THE GENDERED PROLETARIAT: Sex Work, Workers’ Movement, and Agency | By Swati Ghosh

Oxford, UK; New Delhi, India: Oxford University Press, 2017. xxxiv, 226 pp. US$28.86, cloth. ISBN 978-0-19-947775-3.


The Gendered Proletariat is an in-depth and rigorous examination of the economic basis of sex work. The author, Swati Ghosh, adeptly draws on economic and deconstructionist frameworks to explore how we may consider sex work as a legitimate domain of labour. At the core of the analyses, as the title suggest, is the issue of gendered labour, and how that aligns with the larger picture of labour, which is supposedly gender neutral. Those of us who are familiar with the literature on sex work/prostitution, are keenly aware that the field—unlike any other—is steeply immersed in the debates around sex work as a form of labour, and prostitution as the paradigmatic example of patriarchal violence. Ghosh revisits this debate not to dwell on it but rather to point us to a very important gap in the literature, that is, what constitutes “work” has remained under-theorized. This approach is invaluable to examine sex work beyond the framework of the debate because it clearly does not capture the topic in all its nuances or as Ghosh puts it, “what is required is addressing the complexities of ‘work’ in sex work” (xxi). The book is structured in three parts: “Sex Work and Value”; “From Prostitution to Sex Worker: An Incomplete Revolution”; and “On the Question of Agency.”

Ghosh attentively locates the “work” within the larger legal framework of prostitution in India, where the law regarding such work is quite confounding. The primary law, the Immoral Trafficking (Prevention) Act (ITPA) does not identify prostitution as illegal, but seeks to prevent trafficking. Trafficking is a criminal offense as is exploiting and living on the earnings of a prostitute. At the same time, sex work or sex workers do not appear in the legal framework, and sex workers are either designated as criminals or as victims. In this scenario the role of the state as the recognizer of sex work rights is often limited to HIV/AIDS prevention, and while there have been several attempts, the delineation of work in sex work has still not been addressed.

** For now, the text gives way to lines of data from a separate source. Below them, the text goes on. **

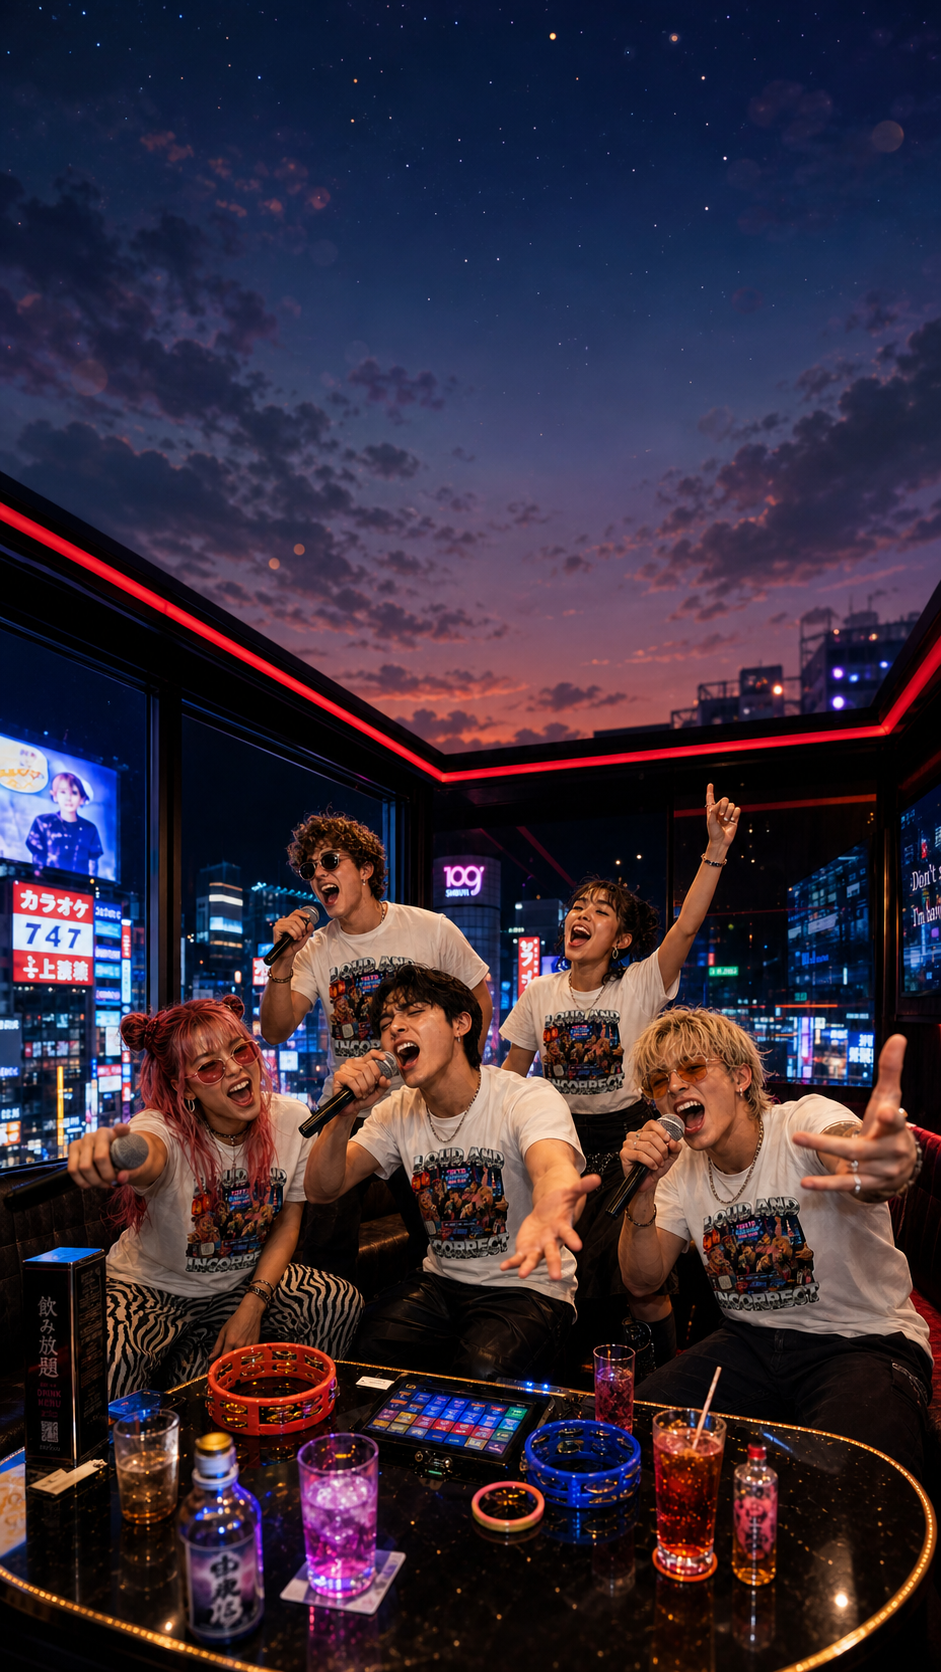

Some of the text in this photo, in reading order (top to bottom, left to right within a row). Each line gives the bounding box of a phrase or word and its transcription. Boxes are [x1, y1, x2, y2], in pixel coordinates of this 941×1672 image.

[20, 890, 89, 918] カラオケ
[25, 922, 81, 949] 747
[329, 957, 376, 984] LOUD
[545, 1009, 620, 1028] LOUD AND
[549, 1074, 625, 1095] NCORRECT
[413, 1146, 505, 1175] LOUD AND
[703, 1202, 752, 1235] LOUD
[755, 1197, 801, 1217] AND
[38, 1296, 59, 1378] 飲み放題
[37, 1389, 61, 1397] DRINK
[38, 1399, 61, 1408] MENU

The highlight of this book is Ghosh’s specific entry into the topic of sex work as a form of “affective labour.” She draws on the neo-Marxian value frame as an analytic frame, but also complements it by drawing on Gayatri Chakravorty Spivak’s deconstructionist approach in “Scattered Speculations on the Question of Value” (Diacritics 15, no. 4 [1985]: 73–93). Together, what we see is the framing of sex work as “labour-value,” which encapsulates work, a specific kind of work, primarily based on the body as the site of emotional labour. Ghosh contends that the transformation of the use-vale to abstract value of labour in the case of sex work is rather impossible. In other words, sex work is limited as concrete labour. The author stresses the “personal implication” (xxiv) of the buyer-seller dynamic, which is based on a relationship of power that leans towards the buyer.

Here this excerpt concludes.